You can use Certman to import a CA chain into the truststore of the Dynamic Workload Console, of a master domain manager or of an agent.

If certificates being imported are part of a chain consisting of 3 or more certificates (one Root CA, followed by one or more Intermediate CAs, followed by the end user certificate), then the ca.crt must contain the Root ca certificate only. Any Intermediate CA certificates must be stored in the additionalCAs subfolder, which therefore becomes a mandatory subfolder. Each Intermediate CA must be stored in the additionalCAs subfolder in its own file.

Note: From V10.2.3, if certificates being imported are part of a chain, the ca.crt can contain also the intermediate CAs.

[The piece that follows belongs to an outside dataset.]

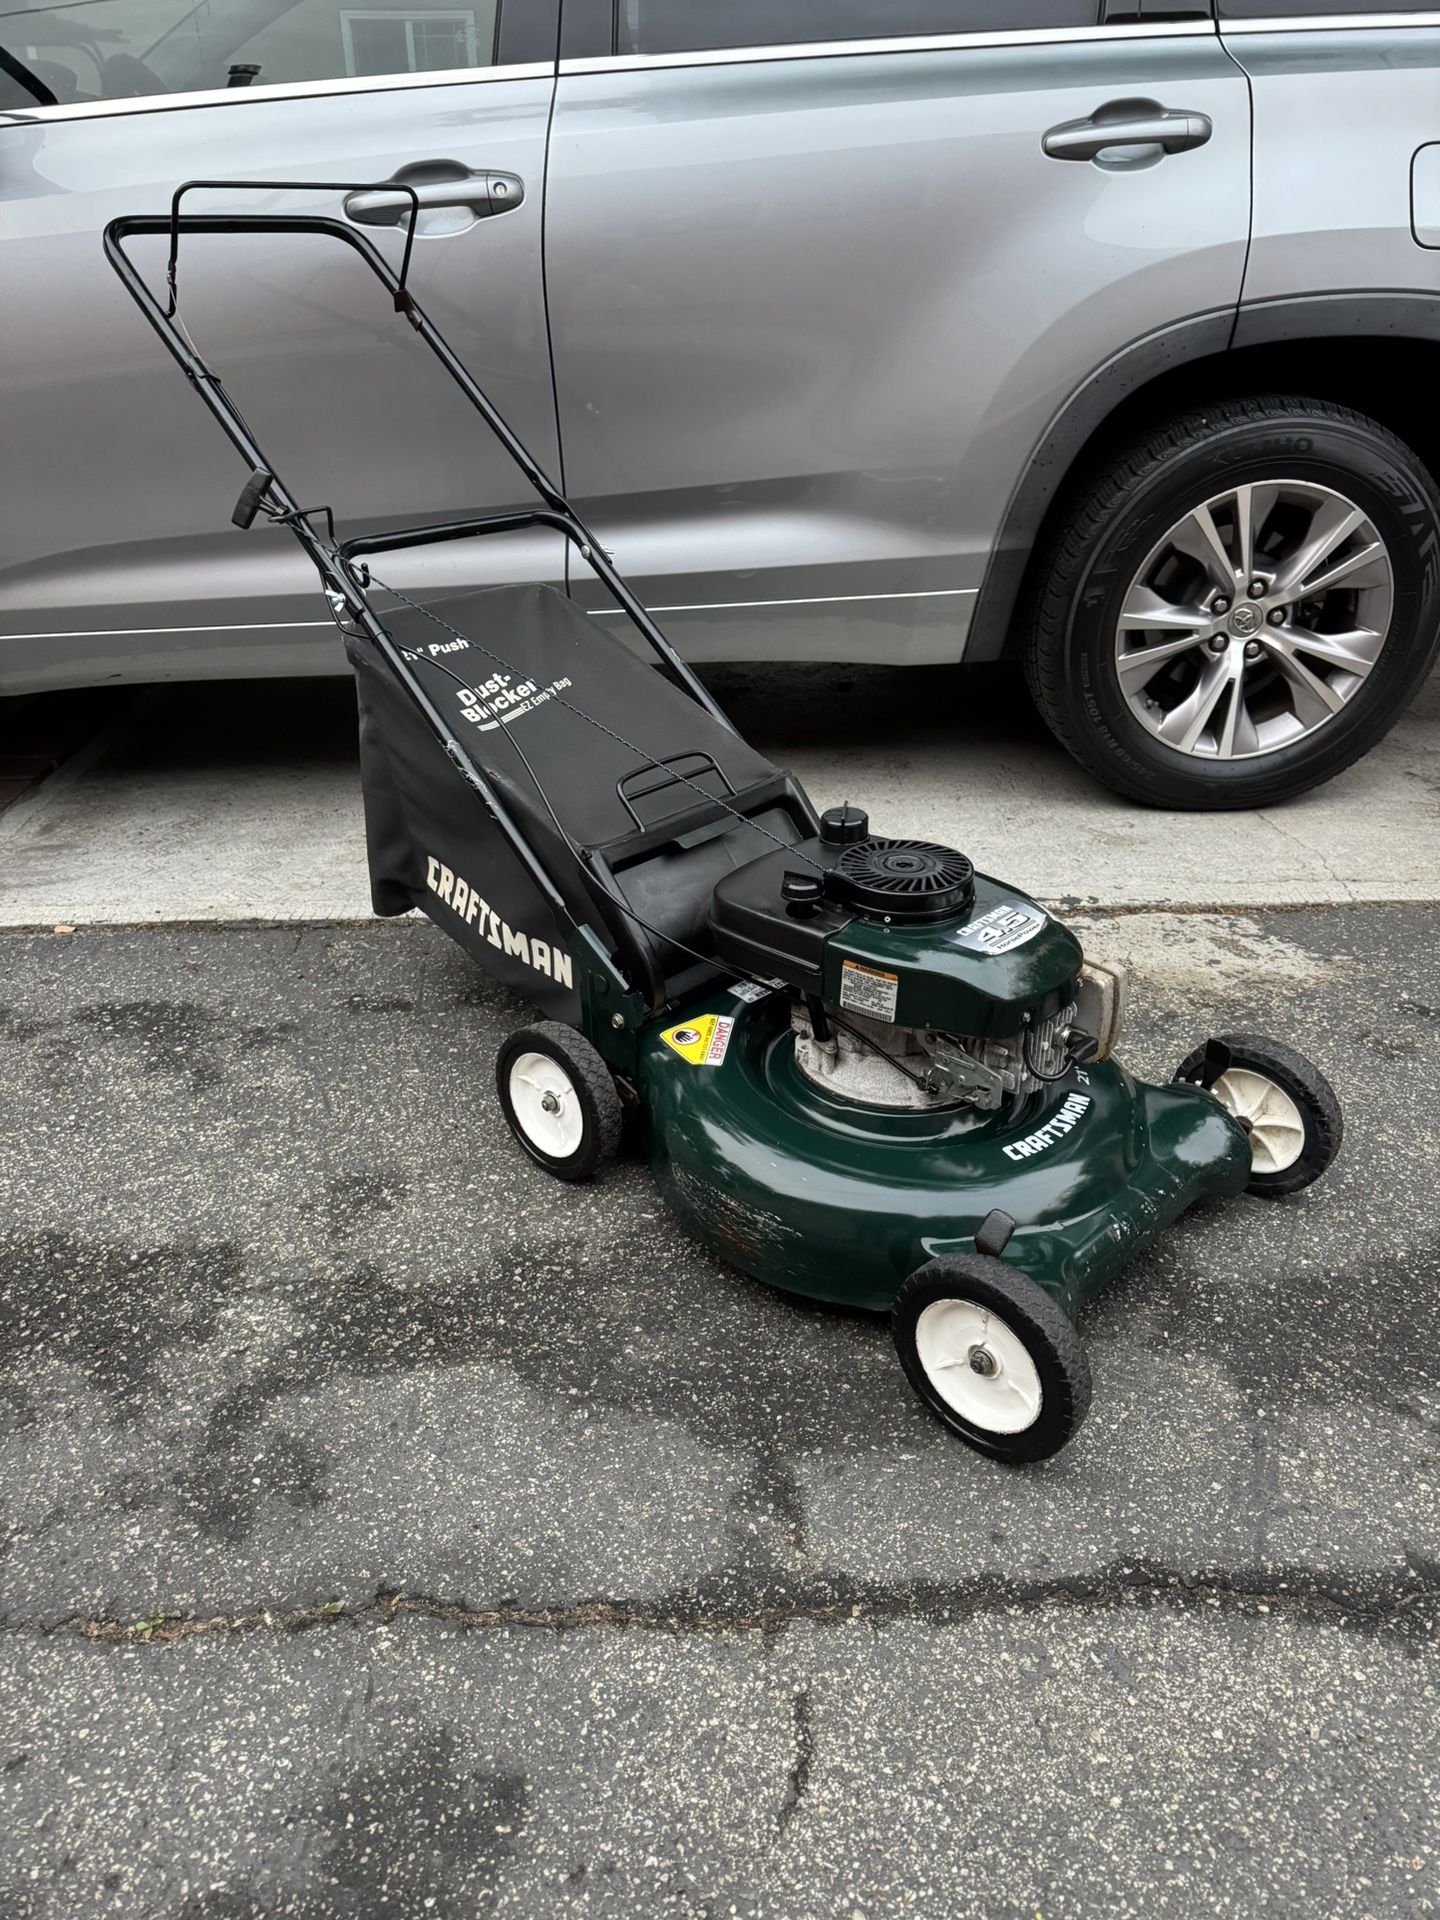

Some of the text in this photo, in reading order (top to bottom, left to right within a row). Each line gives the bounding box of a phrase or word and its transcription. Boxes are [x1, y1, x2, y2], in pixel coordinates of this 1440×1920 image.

In this case, it must begin with one or more intermediate CA certificates and end with the Root ca.

Procedure

Browse to one of the following installation bin paths, according to the component on which you want to import the CA chain:

Master domain manager

<MDM_INST_PATH>/TWS/bin/certman, where <MDM_INST_PATH> is the master domain manager installation directory.

Dynamic Workload Console

<DWC_INST_PATH>/bin/certman, where <DWC_INST_PATH> is the Dynamic Workload Console installation directory.

Agent

<AGENT_INST_PATH>/TWS/bin/certman, where <AGENT_INST_PATH> is the agent installation directory.
Import the CA chain by running the following command:
```
certman import (-inpath <input path> [-storepasswd <store pwd>][-all -keypasswd <key pwd>]|-url <host:port> -storepasswd <store pwd>) -alias <alias> [-forcealias] [-agentscope] [-updatedepot] [-workdir <working directory>]
```
Where:
inpath

Specify the folder that contains the CA chain.

storepasswd
Optionally, specify the password of the truststore on the master domain manager.
Note: If the password contains wildcards, enclose the password in single quotes. For example:
-keypasswd 'passw!rd'
all
Optionally, import the certificate, the key and the CA chain.

keypasswd

Specify the password used to encrypt the private key. If all is specified, this value is mandatory. The password requires a length of at least 8 characters.
Note: If the password contains wildcards, enclose the password in single quotes. For example:
-keypasswd 'passw!rd'
url

The URL of a server that contains the CA chain to be imported (for example, the master domain manager server).

Where

host

The fully qualified host name or IP address of the server.

port

The HTTPS port.

alias

Specify an alias to be used in the truststore file during the import.

forcealias

Optionally, specify an alias to be used in the truststore file that overwrites the existing alias. Use this parameter if the master domain manager already communicates with the Dynamic Workload Console.

agentscope

Optionally, add the parameter to the command to extract certificates from the keystore of the agent on which you are launching Certman.
Note: To target the truststore of a master domain manager, omit the agentscope option and run the command separately.

updatedepot

Optionally, add the parameter to the command to update the master domain manager depot folder located at: <TWSDATA>/ssl/depot

workdir

Optionally, specify the working directory used by the command for storing data while running. When the command stops running, the working directory is deleted. Ensure you have write access to the specified directory and enough space is available.

Results

The CA chain has been imported in the Dynamic Workload Console, master domain manager or agent.